If the leader server is out of memory or the disk is full, the server eventually stops responding, loses its election and cannot move past its last commit time. However, by configuring `max_stale` and setting it to a large value, Consul will continue to respond to queries during such outage scenarios. ([max_stale documentation](/docs/agent/options.html#max_stale)).
It should be noted that `stale` is not appropriate for coordination where strong consistency is important (i.e. locking or application leader election). For critical cases, the optional `consistent` API query mode is required for true linearizability; the trade off is that this turns a read into a full quorum write so requires more resources and takes longer.
**Read-heavy** clusters may take advantage of the [enhanced reading](/docs/enterprise/read-scale/index.html) feature (Enterprise) for better scalability. This feature allows additional servers to be introduced as non-voters. Being a non-voter, the server will still participate in data replication, but it will not block the leader from committing log entries.

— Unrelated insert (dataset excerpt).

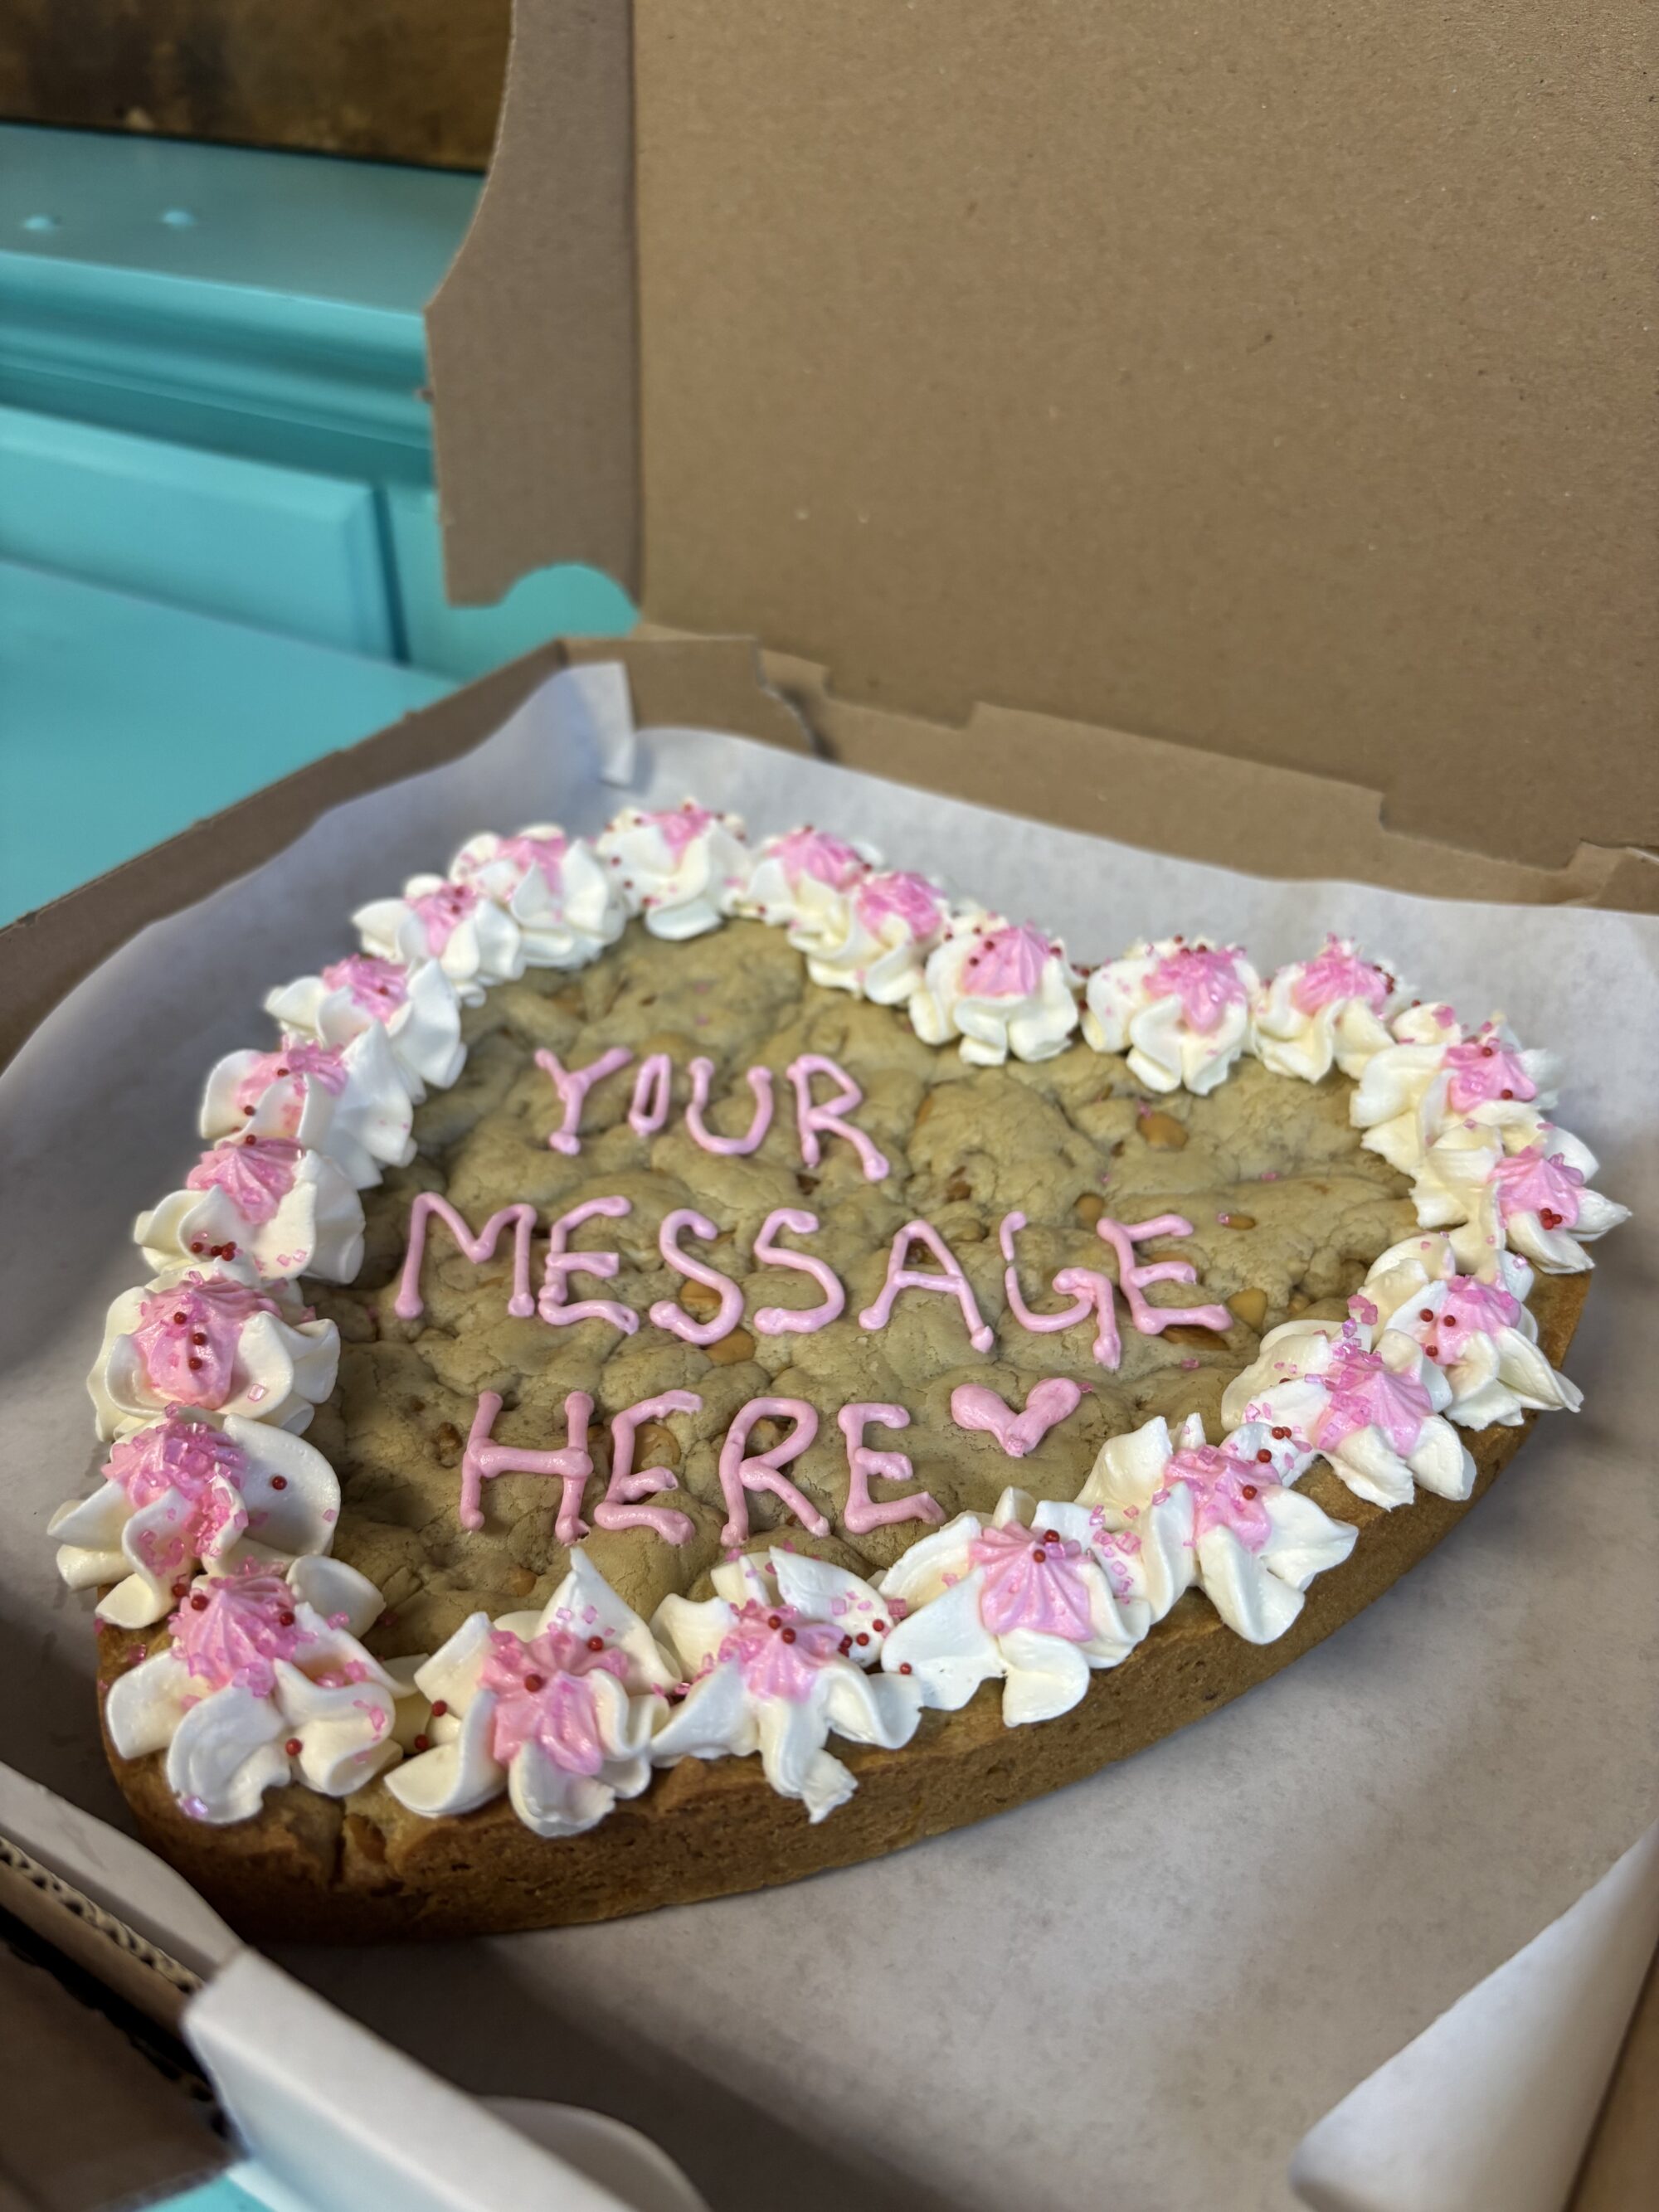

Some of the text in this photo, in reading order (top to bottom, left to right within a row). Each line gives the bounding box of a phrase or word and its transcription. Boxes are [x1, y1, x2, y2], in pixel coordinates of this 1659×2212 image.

Consul’s agents use network sockets for communicating with the other nodes (gossip) and with the server agent. In addition, file descriptors are also opened for watch handlers, health checks, and log files. For a **write heavy** cluster, the `ulimit` size must be increased from the default value (`1024`) to prevent the leader from running out of file descriptors.
To prevent any CPU spikes from a misconfigured client, RPC requests to the server should be [rate limited](/docs/agent/options.html#limits)
~> **NOTE** Rate limiting is configured on the client agent only.
In addition, two [performance indicators](/docs/agent/telemetry.html) —`consul.runtime.alloc_bytes` and `consul.runtime.heap_objects`— can help diagnose if the current sizing is not adequately meeting the load.